(It’s well known that having COVID-19 can affect your sense of smell, but in some cases, that olfactory function doesn’t properly return. Now new research explains why.
The SARS-CoV-2 infection prompts an ongoing immune system attack on the nerve cells in the nose, the new study states, and there’s then a decline in the number of those nerve cells, leaving people unable to sniff and smell as they usually would.
As well as answering a question that baffled experts, the research could also help our understanding of long COVID and why some people cannot fully recover from COVID-19.
“Fortunately, many people who have an altered sense of smell during the acute phase of viral infection will recover smell within the next one to two weeks, but some do not,” says neurobiologist Bradley Goldstein from Duke University in North Carolina.
“We need to better understand why this subset of people will go on to have persistent smell loss for months to years after being infected with SARS-CoV-2.”
The team studied nose tissue samples – olfactory epithelium – taken from 24 people, including nine experiencing a long-term loss of smell after having COVID-19. This tissue holds the neurons responsible for detecting odors.
After a detailed analysis, the researchers observed the widespread presence of T-cells, a type of white blood cell that helps the body fight off infection. These T-cells were driving an inflammatory response within the nose.
However, as with many other biological responses, the T-cells apparently do more harm than good and damage the olfactory epithelium tissue. The inflammation process was still evident even in tissue where SARS-CoV-2 wasn’t detected.
“The findings are striking,” says Goldstein. “It’s almost resembling a sort of autoimmune-like process in the nose.”
While the number of olfactory sensory neurons was lower in the study participants who had lost their sense of smell, the researchers report that some neurons seem capable of repairing themselves even after the T-cell bombardment – an encouraging sign.

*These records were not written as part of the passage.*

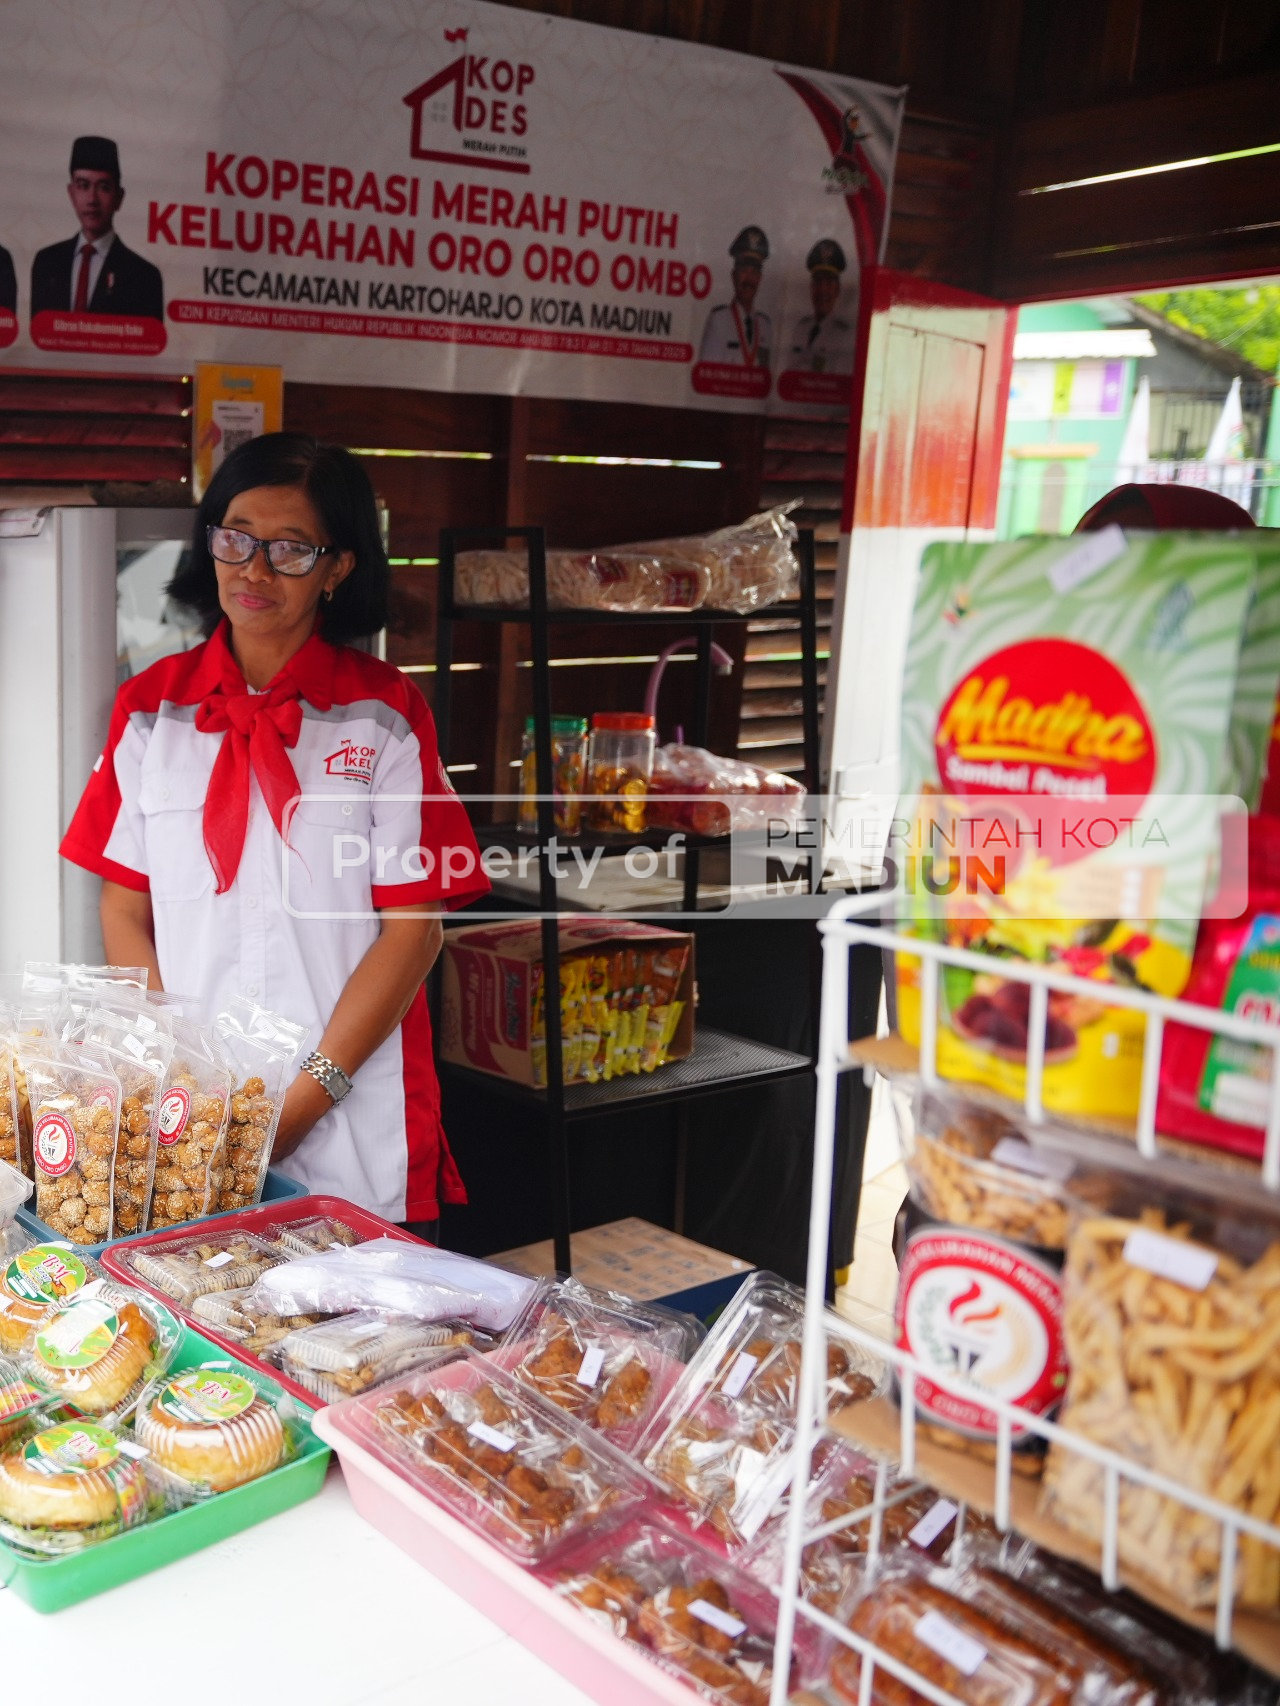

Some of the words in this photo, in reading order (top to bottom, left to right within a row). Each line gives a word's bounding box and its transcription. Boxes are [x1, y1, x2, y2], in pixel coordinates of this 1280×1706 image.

[467, 55, 535, 96] KOP
[464, 96, 528, 136] DES
[462, 138, 497, 153] MERAH
[498, 143, 528, 158] PUTIH
[205, 151, 419, 217] KOPERASI
[432, 180, 568, 235] MERAH
[577, 200, 679, 249] PUTIH
[147, 201, 415, 268] KELURAHAN
[429, 232, 512, 278] ORO
[523, 243, 600, 287] ORO
[610, 254, 712, 300] OMBO
[203, 266, 360, 307] KECAMATAN
[368, 281, 523, 321] KARTOHARJO
[530, 297, 584, 327] KOTA
[590, 304, 671, 336] MADIUN
[348, 757, 372, 770] KEL
[350, 746, 376, 758] KOP
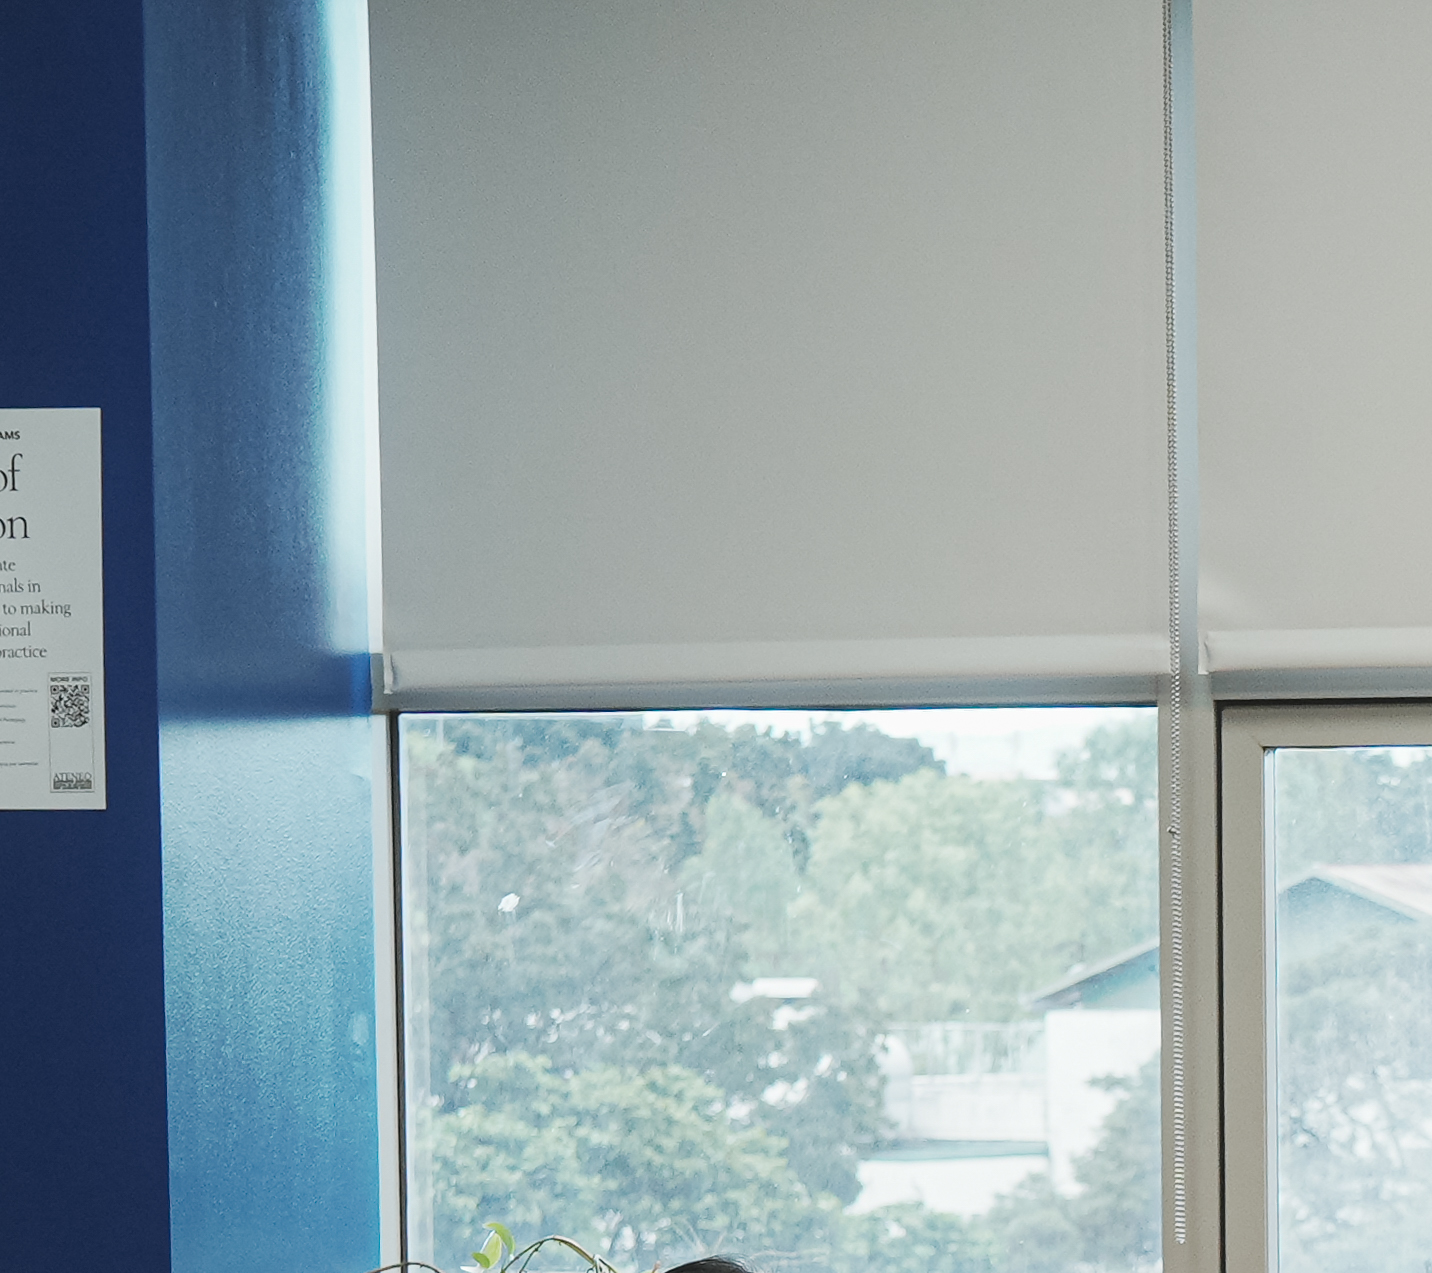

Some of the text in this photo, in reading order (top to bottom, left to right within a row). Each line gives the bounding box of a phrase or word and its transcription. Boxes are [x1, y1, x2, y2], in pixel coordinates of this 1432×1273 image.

[27, 579, 42, 593] in
[2, 603, 17, 616] to
[20, 599, 72, 617] making

The researchers suggest that similar inflammatory biological mechanisms could be behind the other symptoms of long COVID, including excessive fatigue, shortness of breath, and a ‘brain fog’ that makes it difficult to concentrate.
Next, the team wants to look in more detail at which particular tissue areas get damaged, and which types of cells are involved. That will, in turn, lead the way to develop possible treatments for those experiencing a long-term loss of smell.
“We are hopeful that modulating the abnormal immune response or repair processes within the nose of these patients could help to at least partially restore a sense of smell,” says Goldstein.
The research has been published in Science Translational Medicine.